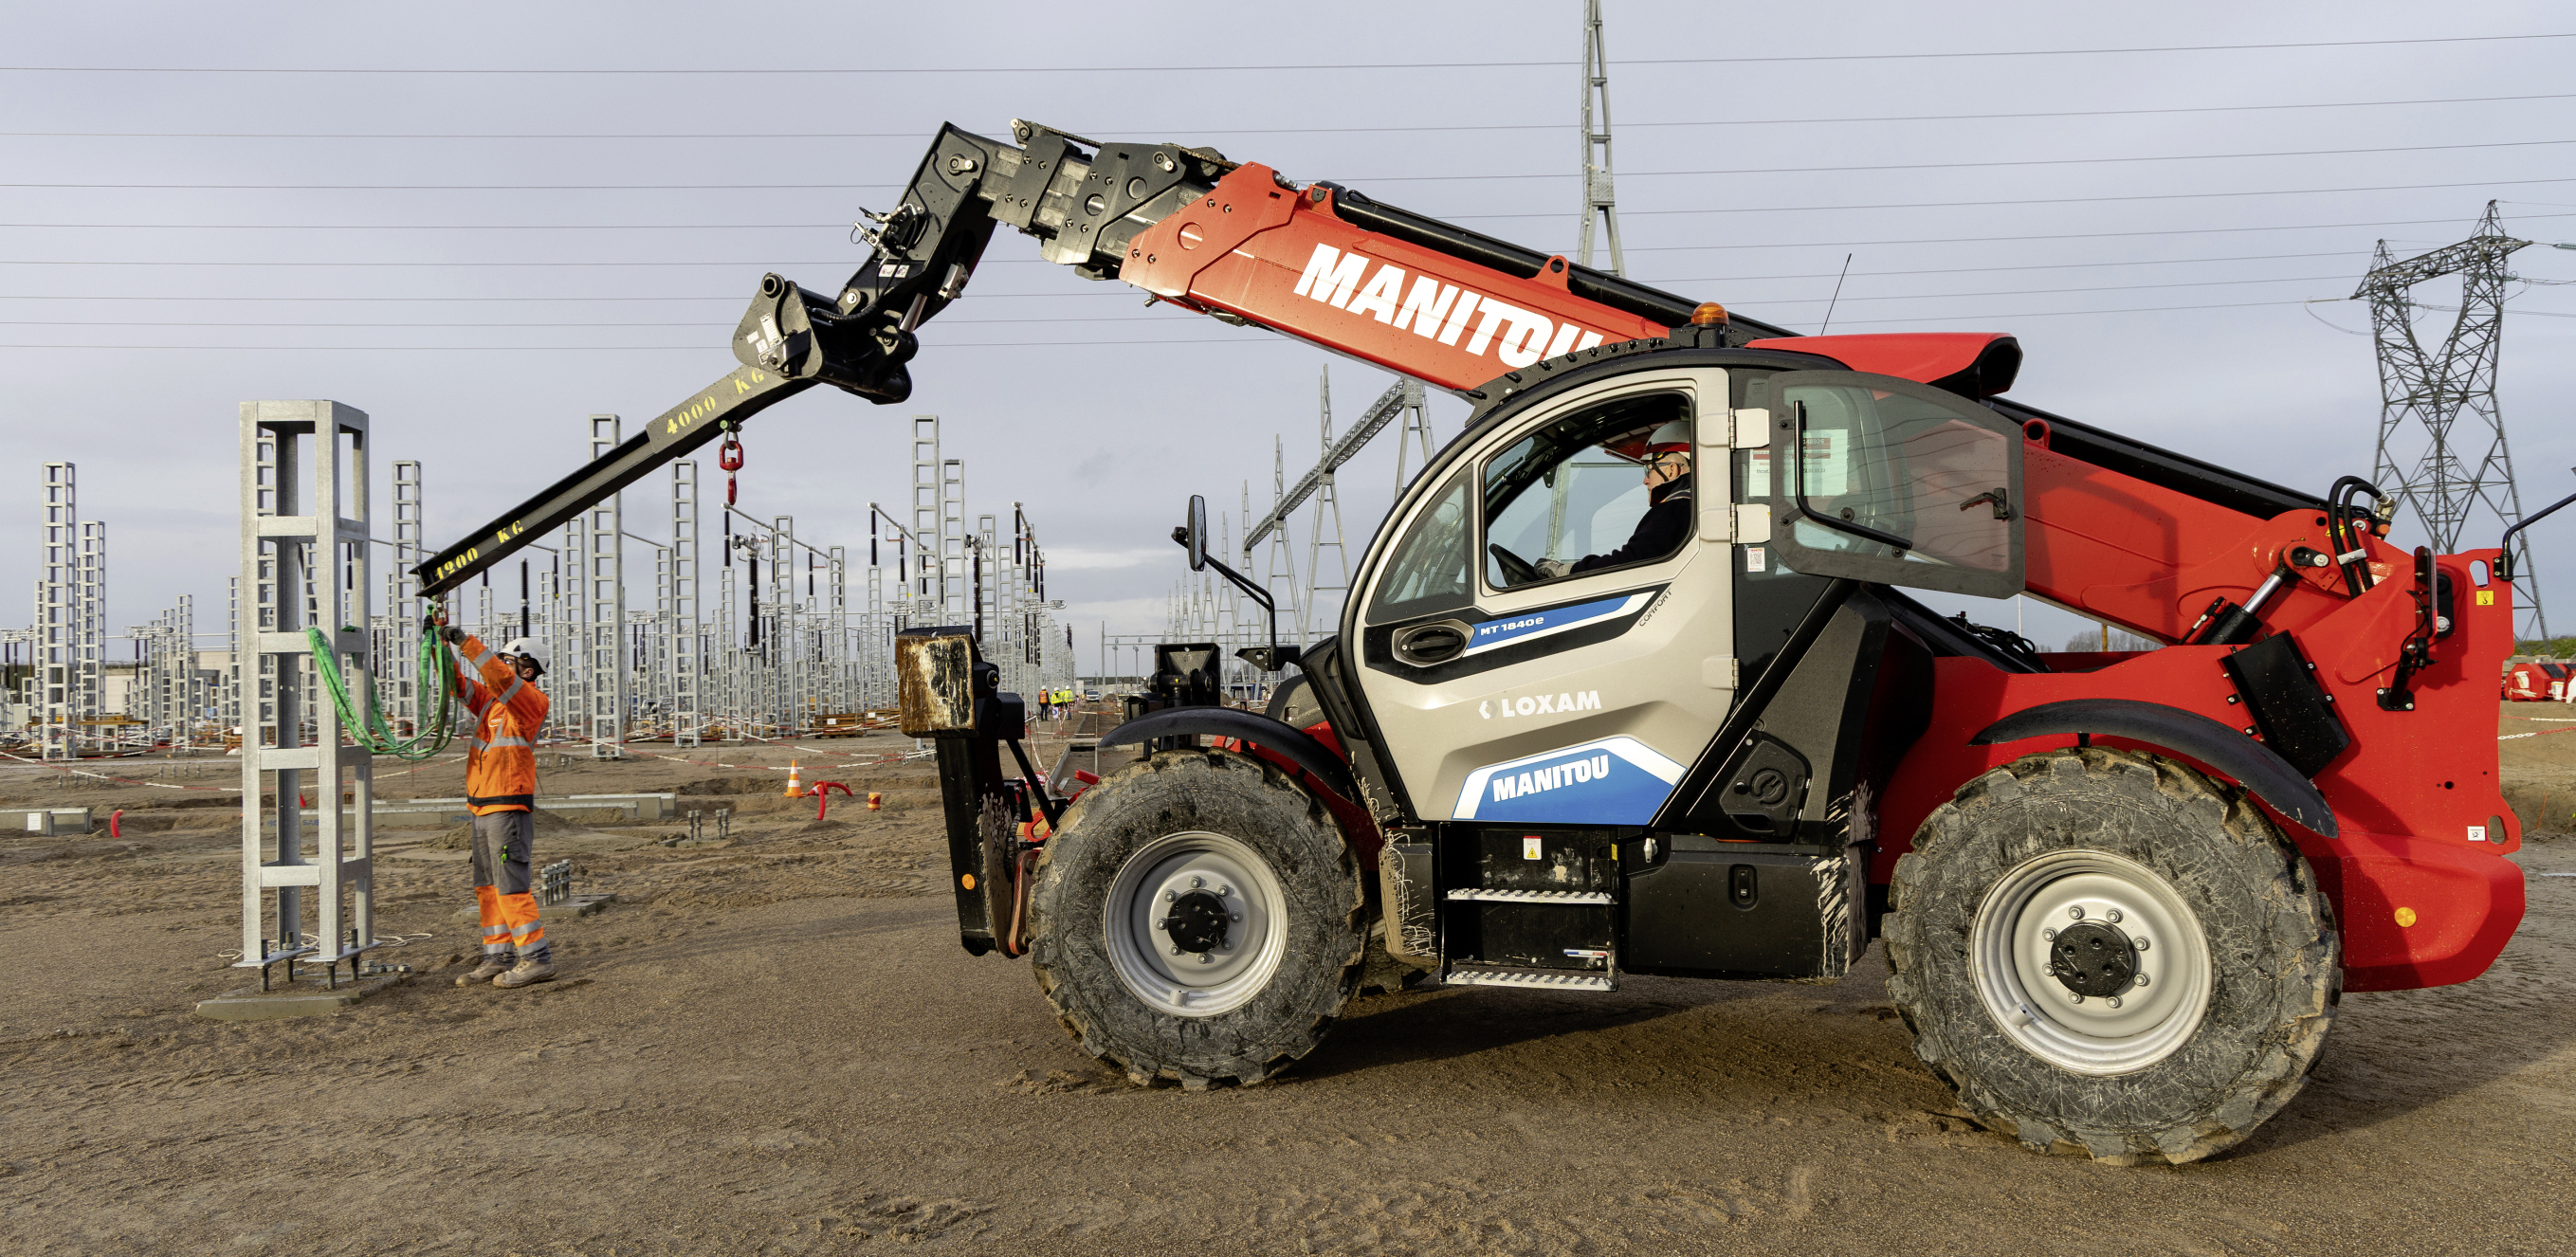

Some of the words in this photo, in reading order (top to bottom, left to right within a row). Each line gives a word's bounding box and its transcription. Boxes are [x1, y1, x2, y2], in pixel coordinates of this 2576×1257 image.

[667, 396, 716, 434] 4000
[734, 368, 764, 394] KG
[435, 547, 479, 580] 1200
[496, 519, 524, 544] KG
[1480, 625, 1499, 636] MT
[1501, 616, 1544, 631] 1840e
[1638, 588, 1672, 628] COMFORT
[1501, 690, 1602, 718] LOXAM
[1492, 754, 1610, 802] MANITOU
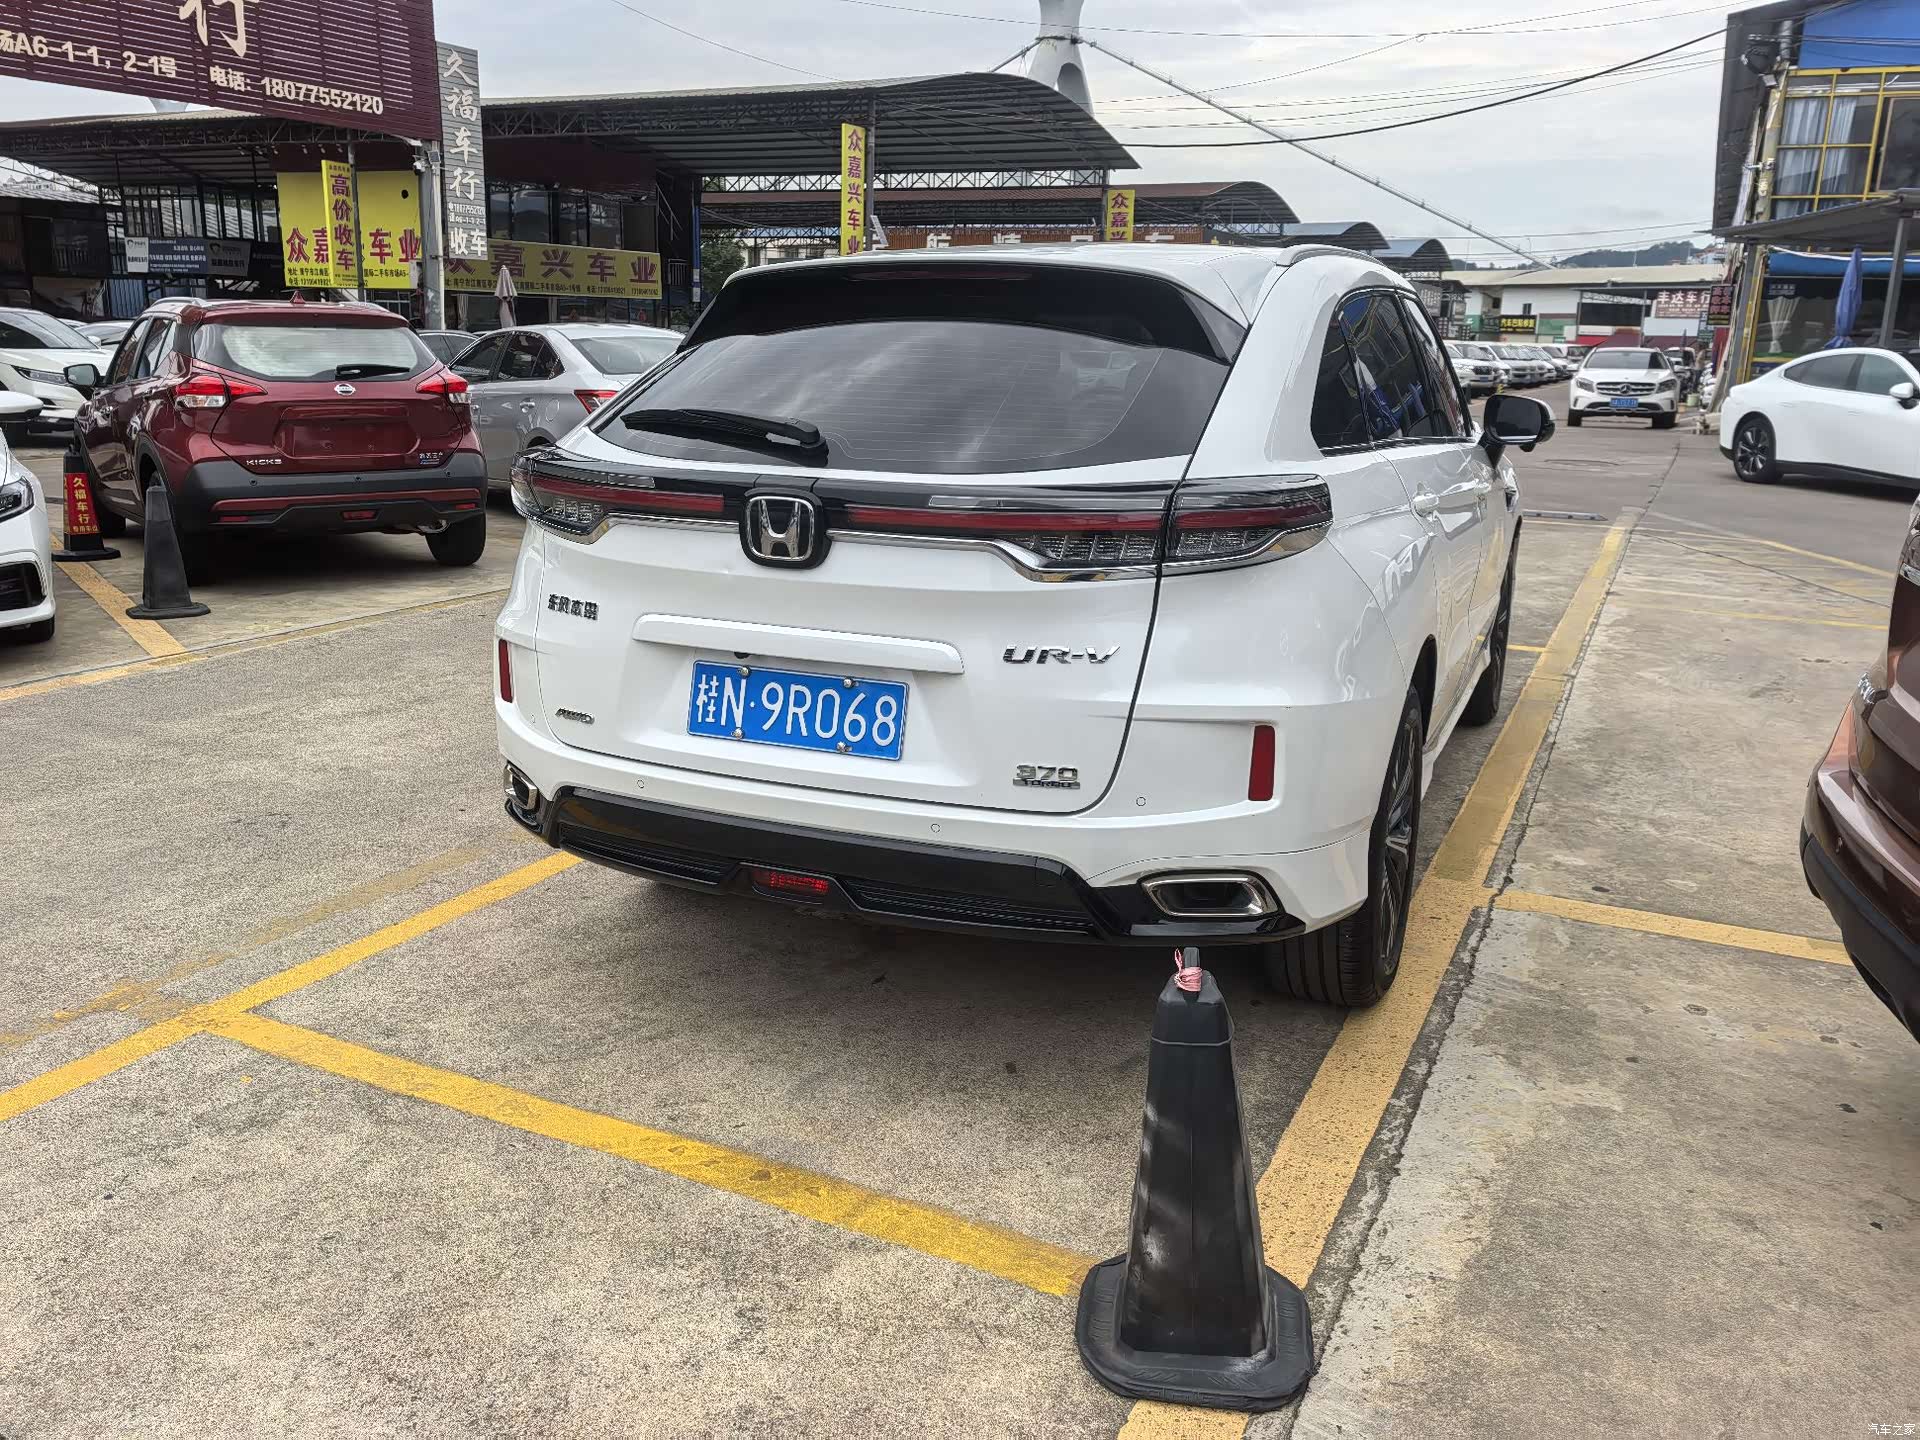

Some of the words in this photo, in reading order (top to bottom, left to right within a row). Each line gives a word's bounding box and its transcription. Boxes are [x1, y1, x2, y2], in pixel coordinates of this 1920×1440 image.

[443, 49, 480, 200] 久福车行
[847, 129, 862, 255] 众嘉兴车业
[330, 173, 355, 271] 高价收车
[450, 227, 487, 257] 收车
[73, 477, 90, 524] 久福车行
[1002, 645, 1121, 664] UR-V
[1016, 765, 1079, 782] 370

## Exercise objective
Leaving the pictures out, write out all the material above exactly.

## Exercise result
Some of the words in this photo, in reading order (top to bottom, left to right within a row). Each line gives a word's bounding box and its transcription. Boxes are [x1, y1, x2, y2], in pixel coordinates of this 2576×1257 image.

[667, 396, 716, 434] 4000
[734, 368, 764, 394] KG
[435, 547, 479, 580] 1200
[496, 519, 524, 544] KG
[1480, 625, 1499, 636] MT
[1501, 616, 1544, 631] 1840e
[1638, 588, 1672, 628] COMFORT
[1501, 690, 1602, 718] LOXAM
[1492, 754, 1610, 802] MANITOU

Some of the words in this photo, in reading order (top to bottom, left to right within a row). Each line gives a word's bounding box and its transcription. Boxes are [x1, y1, x2, y2], in pixel coordinates of this 1920×1440 image.

[443, 49, 480, 200] 久福车行
[847, 129, 862, 255] 众嘉兴车业
[330, 173, 355, 271] 高价收车
[450, 227, 487, 257] 收车
[73, 477, 90, 524] 久福车行
[1002, 645, 1121, 664] UR-V
[1016, 765, 1079, 782] 370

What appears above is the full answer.